By Nihal Bambulkar
When children grow up in India, one of the first things we are taught is to look at both sides of the road before crossing. Beta, wait for the signal to turn red, look right and left, and ideally, use a zebra crossing.
And yet, in the 21 years I’ve spent on Earth, not once have I used a zebra crossing or seen anyone else using it. If jaywalking were an Olympic sport, we’ve already walked off with all the prizes. As Indians, jaywalking is our birthright and by God, we shall have it, without so much as lifting a finger. We fear no moving vehicle, no karma.
After observing my fellow crossers for years, I decided to conduct a small dipstick research into the mindset of these death walkers. The report was titled “Signals v/s the People of India (2011)” and provided me with extensive insights into the mindset of jaywalkers.
The pretty girl on the other side
In India, an ambulance could have a dying patient inside, but a jaywalker will stop for nothing if a pretty girl awaits on the other side. This person with a death wish, often male, has been taught by Bollywood to jump over moving vehicles, slide over hoods of cars, and cross hurdles that even contestants of Takeshi’s Castle would fail to overcome. And he has learnt his lesson well and perfected it to an art form.
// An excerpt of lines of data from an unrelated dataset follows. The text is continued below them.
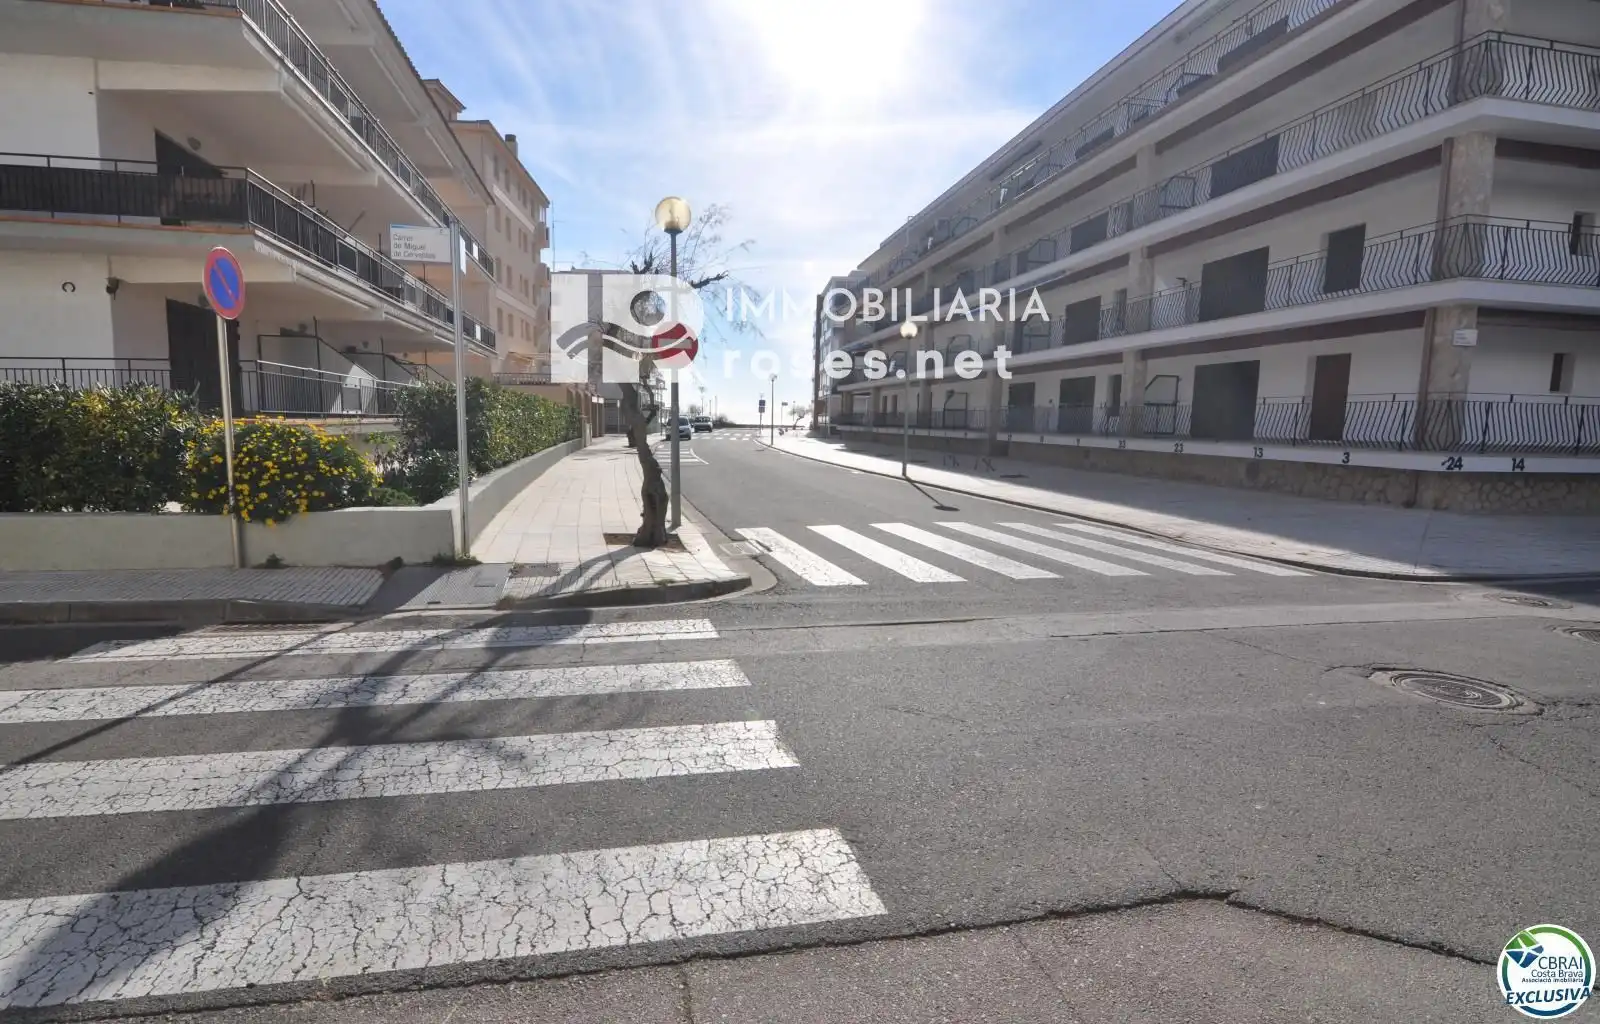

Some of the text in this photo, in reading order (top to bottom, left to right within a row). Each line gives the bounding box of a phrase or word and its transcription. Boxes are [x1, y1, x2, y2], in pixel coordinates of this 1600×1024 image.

[1253, 447, 1263, 458] 13
[1342, 452, 1350, 464] 3
[1511, 458, 1525, 471] 14
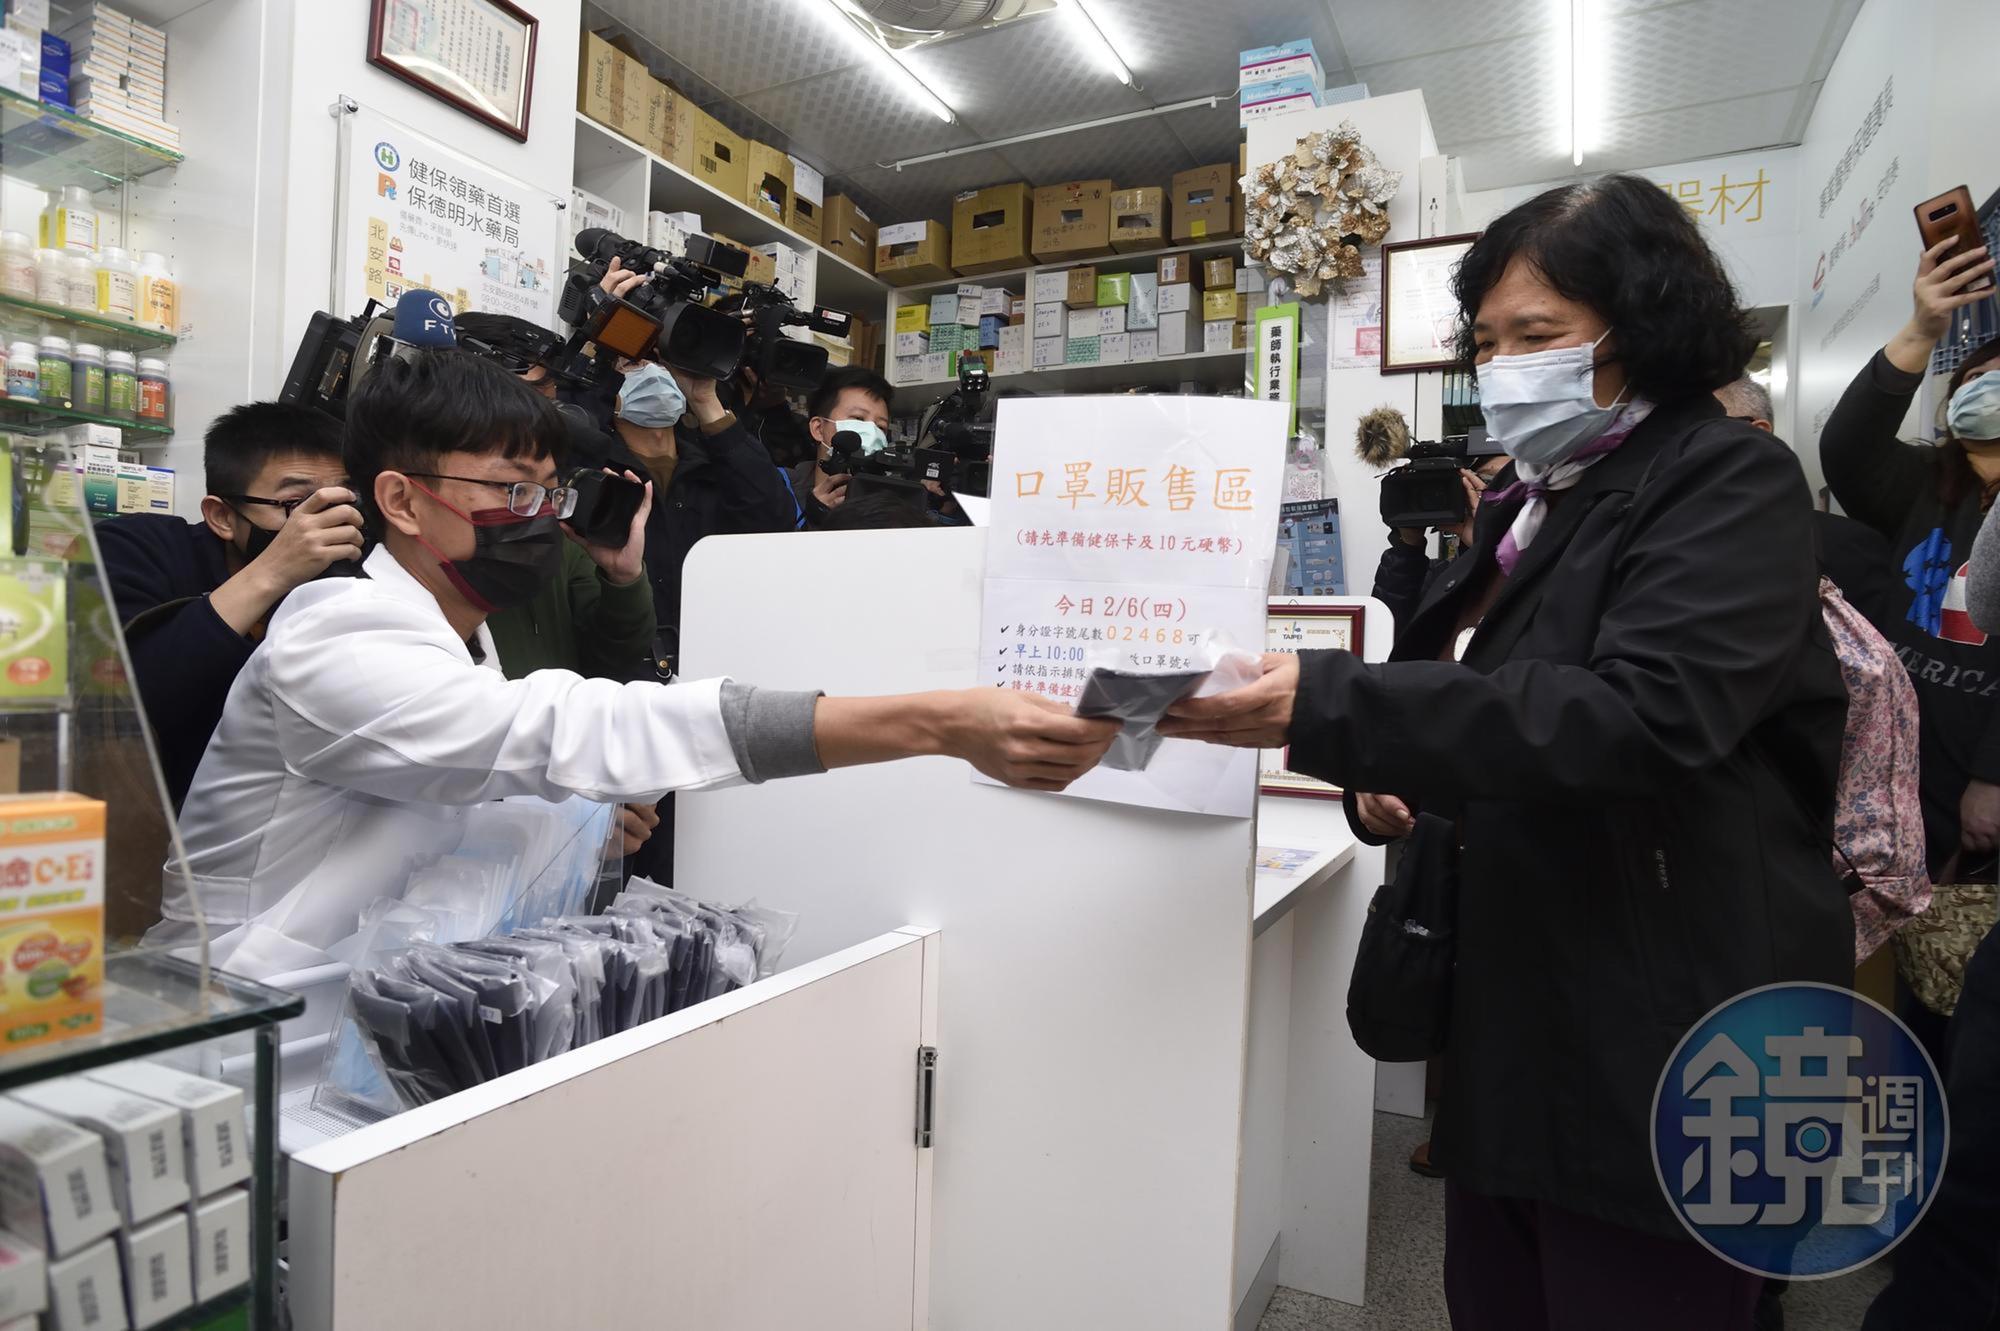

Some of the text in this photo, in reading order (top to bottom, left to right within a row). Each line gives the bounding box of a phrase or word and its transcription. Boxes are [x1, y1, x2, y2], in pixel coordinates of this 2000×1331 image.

[595, 59, 605, 98] FRAGILE
[408, 157, 520, 225] 健保領藥首選
[407, 185, 519, 248] 保德明水藥局
[368, 224, 385, 284] 北安路
[1015, 461, 1254, 511] 口罩販售區
[1016, 529, 1244, 556] (請先準備健保卡及10元硬幣)
[1012, 663, 1088, 682] 請依指示排隊
[1014, 644, 1085, 662] 早上10:00
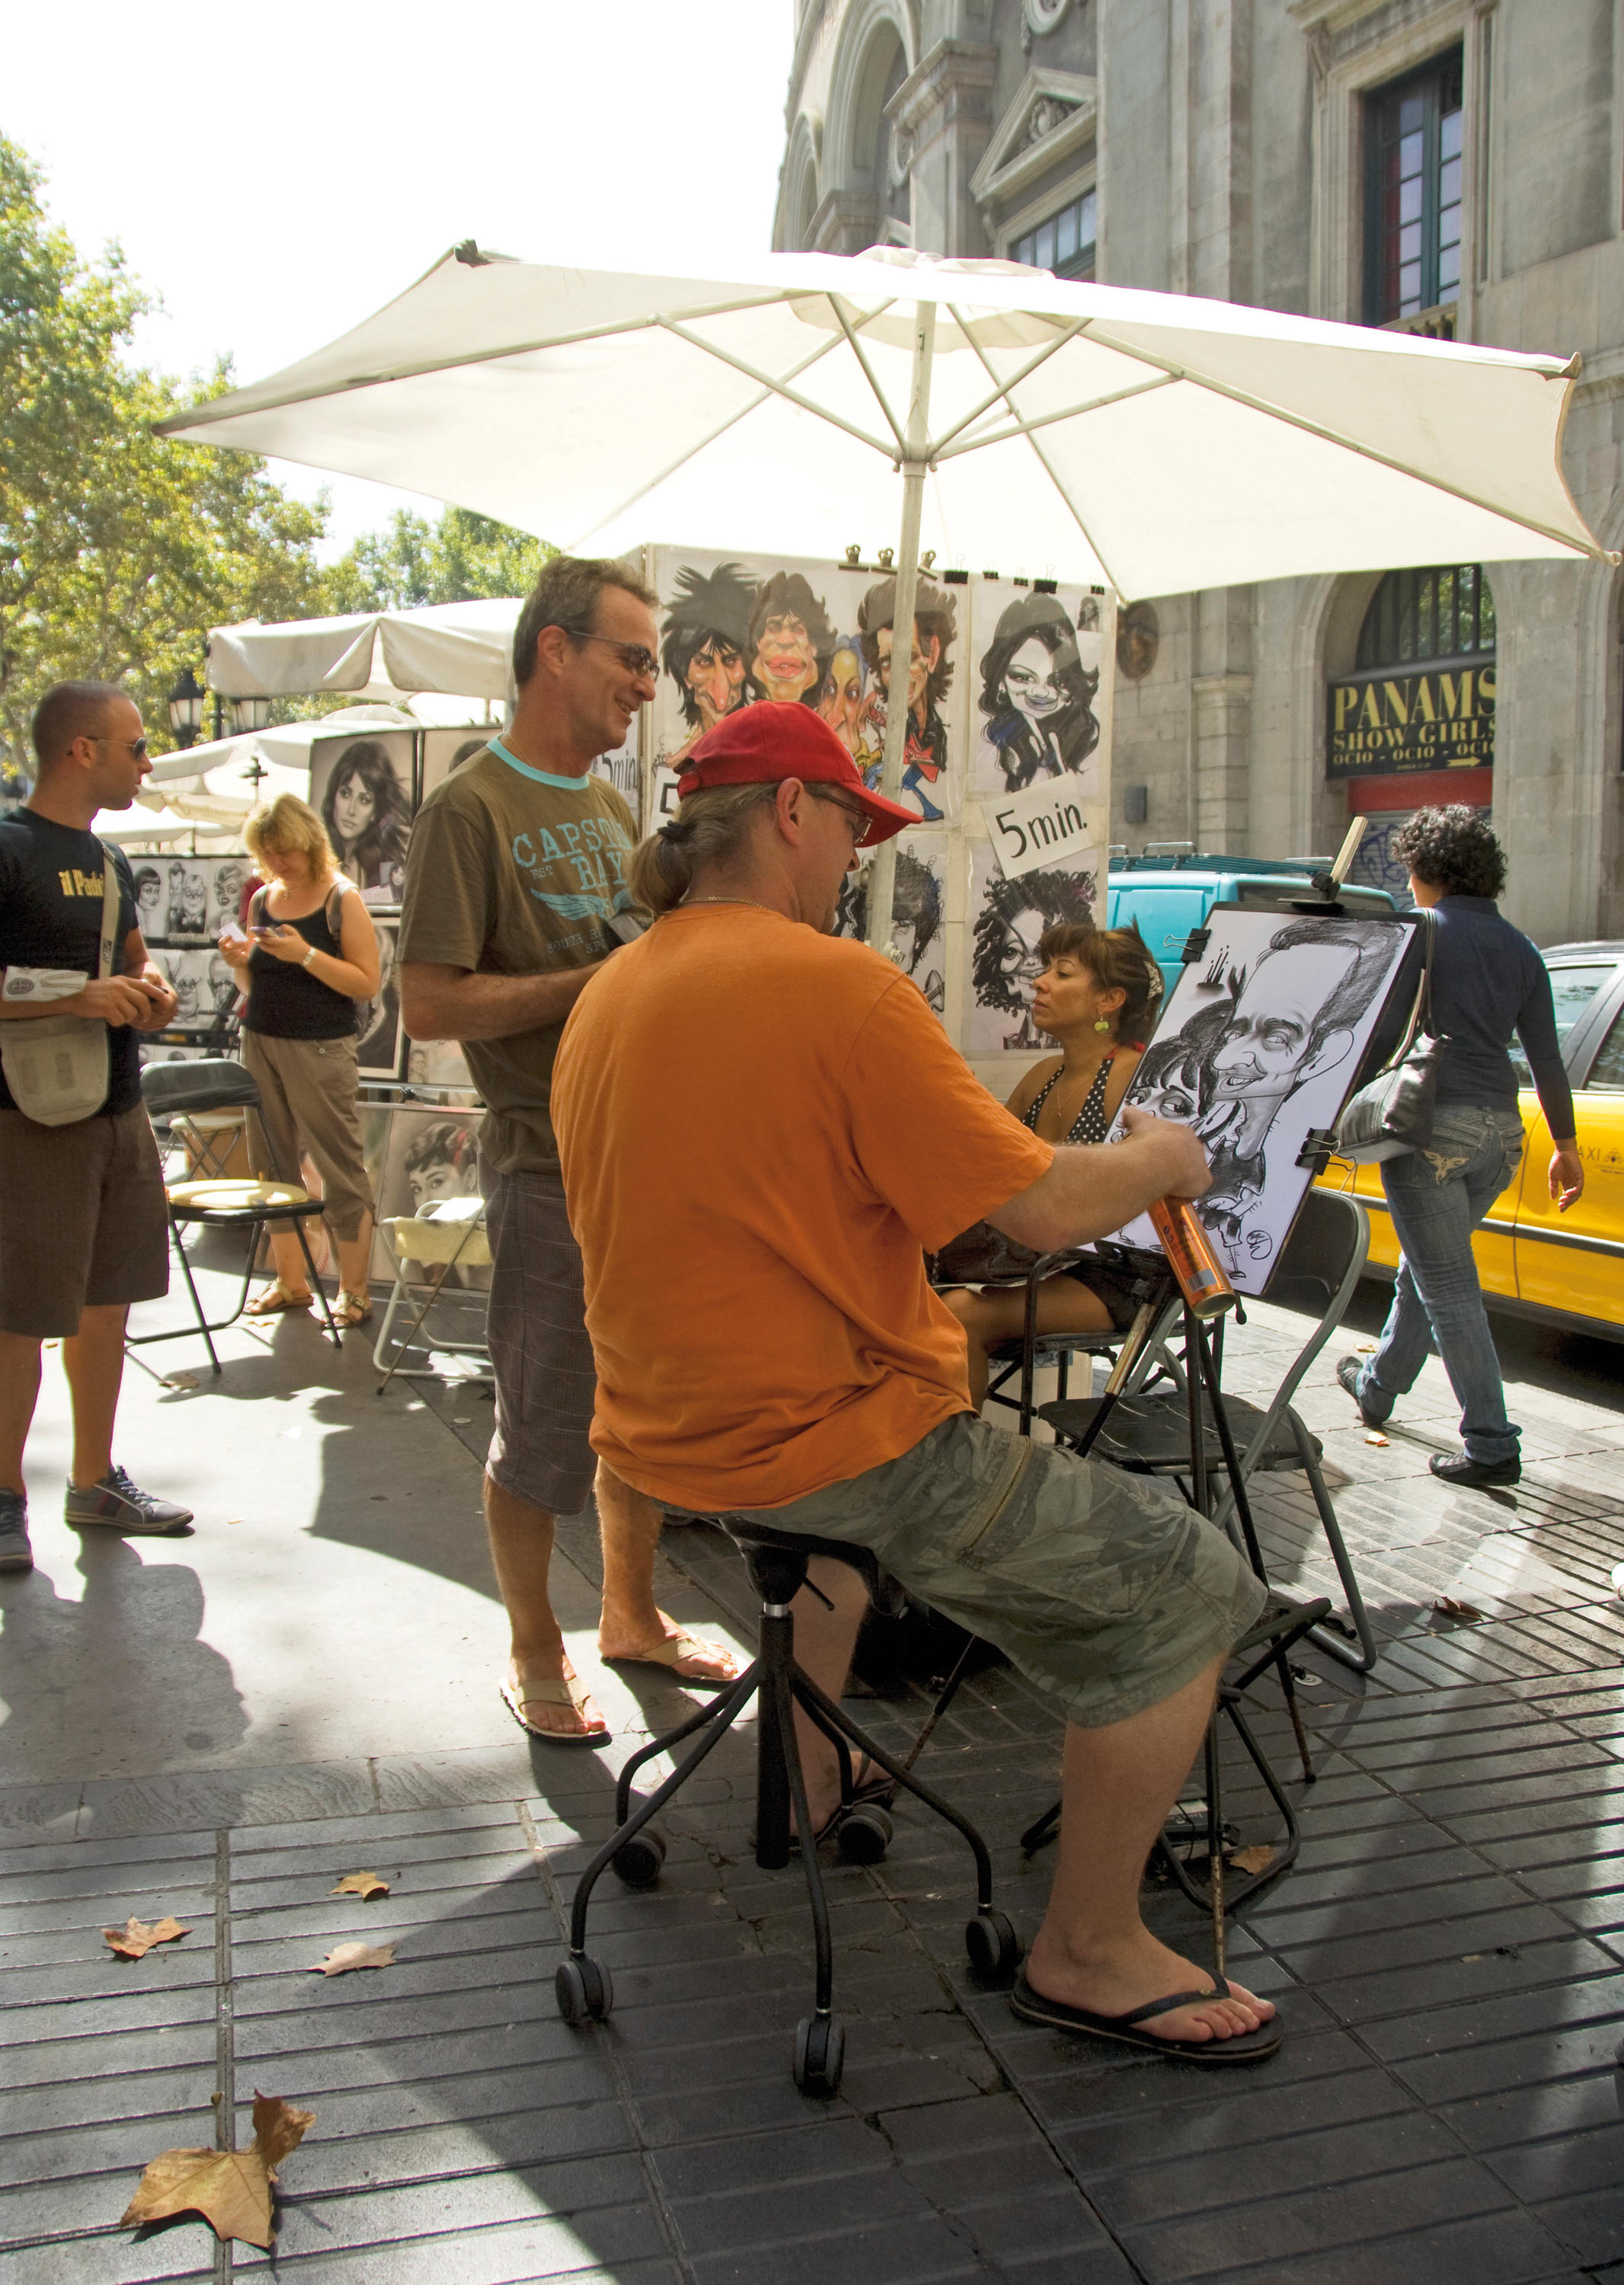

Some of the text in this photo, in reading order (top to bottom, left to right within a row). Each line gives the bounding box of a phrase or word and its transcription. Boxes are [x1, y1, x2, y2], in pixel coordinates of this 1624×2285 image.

[1334, 727, 1408, 751] SHOW
[1334, 751, 1373, 765] OCIO
[1392, 746, 1435, 760] OCIO
[58, 870, 75, 896] il
[570, 852, 627, 890] BAY
[1578, 1146, 1600, 1161] AXI
And all art is subjective.
Father’s Property Syndrome
Jaywalking, the contagious disease that it truly is, finds its roots in the highly dangerous Father’s Property Syndrome. This condition deludes crossers into believing that the road they’re crossing is effectively owned by their respective fathers and so they can cross whenever the feeling envelops them. This delusional state is aggravated, causing them to stop in the middle of the road, when drivers from moving vehicles hurl cuss words at them. One might wonder how so many fathers can own the same road at the same time but that’s just the limitation of your imagination.
The power of green signal
This is a companion disease to the Father’s Property Syndrome. Some jaywalkers, go so far as to claim to be hypnotised by the mesmerising shade of green. The true spirit of a jaywalker awakens upon the sight of the signal turning green, reminding a patient of a Yashraj setting and causing them to believe they are all Shah Rukh Khans, which spurs them to begin sprinting exactly when the vehicles start moving. This is how jaywalking becomes a reflex action. Once the green signal appears, some jaywalkers become Usain Bolt; others, well, become history.
This is the chief reason millennials are compelled to jaywalk. If you already feel dead on the inside, then it doesn’t matter if a speeding vehicle is moving your way. Hope is simply a four-letter word, and death is five. Might as well accept your impending doom and jaywalk away.
Here, in India, people jaywalk out of sheer pressure from watching others cross. It usually occurs when the leader of the jaywalkers, is sick of waiting for vehicles to stop and decides to go for it. The rest of the herd simply indulges in a game of “Follow the Leader”. Remember, you cannot spell group without “U”.
Needless to add, jaywalking is not a serious concern in India. We improvise, adapt, and overcome. We learn to survive, the Bear Grylls way.